I will learn to say 'they' when looking at a single person, if that's what they want. But I will never say "pregnant people." How many human beings are there in the world? Almost 8 billion. That means almost 4 billion women. How many of them of child-bearing age - shall we be conservative and say a quarter? That means nearly a billion women have been wiped out by this new way of speech, in order to be inclusive of - how many trans women or trans men on the planet will bear children - 12? 50? 100?

My daughter says, Times change and we have to change with them. True. But the sometimes preposterous lengths we on the left go to be kind is one of the ways Trump got elected and a drum the Republicans keep banging. Absolutely, we must protect trans people in every way conceivable, no question there. But what got J.K. Rowling viciously censored was saying we should not need to wipe out women as a category in order to do that. 

Next bitch: an entire generation of young people who are incapable of walking outside without a take-out coffee in one hand. It's as if the hand is fused in that position, like Barbie's feet always ready for the stilettos - the hand curved, waiting for the Starbucks cup, which is, need we say, non-recyclable and ends up littering the streets and parks. While we're bitching about that, why isn't there a recycling tax for companies that use non-recyclable materials and produce a ton of garbage? When Starbucks and Tim Hortons moved into my 'hood, the garbage on the streets quintupled.

Speaking of which, masks. Who takes off the mask and throws it into the bushes or the gutter? A lot of people; they're everywhere. I had a nighttime fantasy that I'd make it my job to walk the 'hood picking up garbage and masks. David Sedaris does it in England and has become famous; they've named a garbage truck after him. But here there are a lot of people in need of work; why doesn't the city hire them to pick up thousands, millions, of coffee cups and masks? 

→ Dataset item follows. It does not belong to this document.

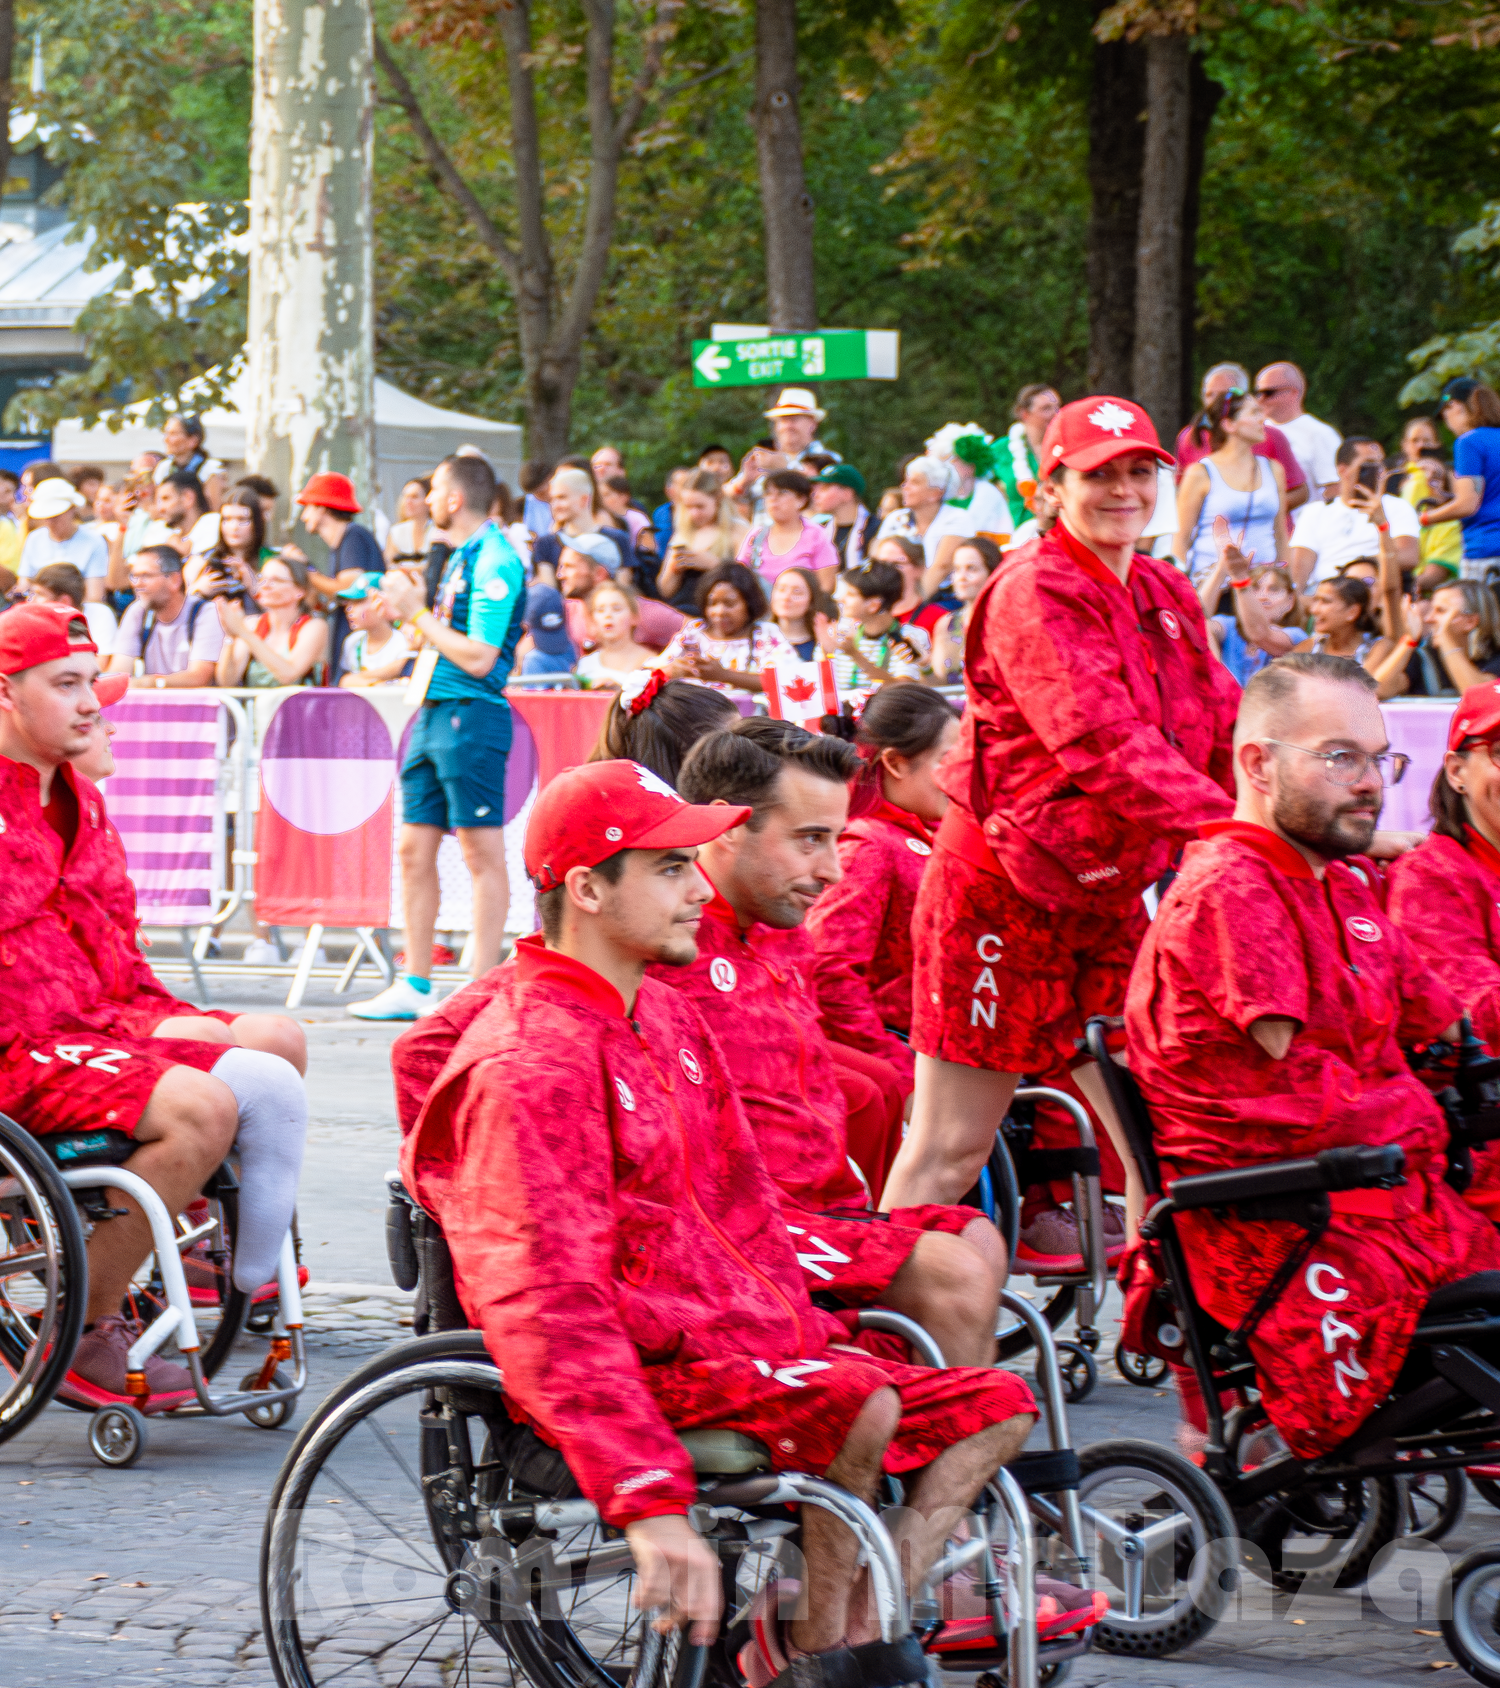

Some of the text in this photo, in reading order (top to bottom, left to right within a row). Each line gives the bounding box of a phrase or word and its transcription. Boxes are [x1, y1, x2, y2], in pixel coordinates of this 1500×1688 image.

Okay, blood pressure settling. 

I spent part of yesterday reading my British grandmother's daytimer, realizing how very poor they were - retired schoolteachers on a pension, counting every penny, long lists, page after page at the back of what went out and what little came in. And then the journal itself: every day, she writes "M,A,E" - morning, afternoon, evening: the weather, the activities - going to the shops for Marmite and marmalade, and in the evening, the telly. I was there at theatre school that year - 1971. It's nice to read that I dropped in for tea every once in a while. 


There's a sparrow sipping at the water dish on the deck - so delicate, the way they bend to sip and then tilt their heads up to swallow. I went to the market this morning and have lots of fresh veg - time to make a stew, I think. Do I feel better after that rant? Not particularly. Do you? I'm sure not, perhaps I've stirred up complaints of your own. Ah well. It's been a long hard year. We're allowed an occasional bitchfest. And now, with sunshine and birdsong, cheer returns.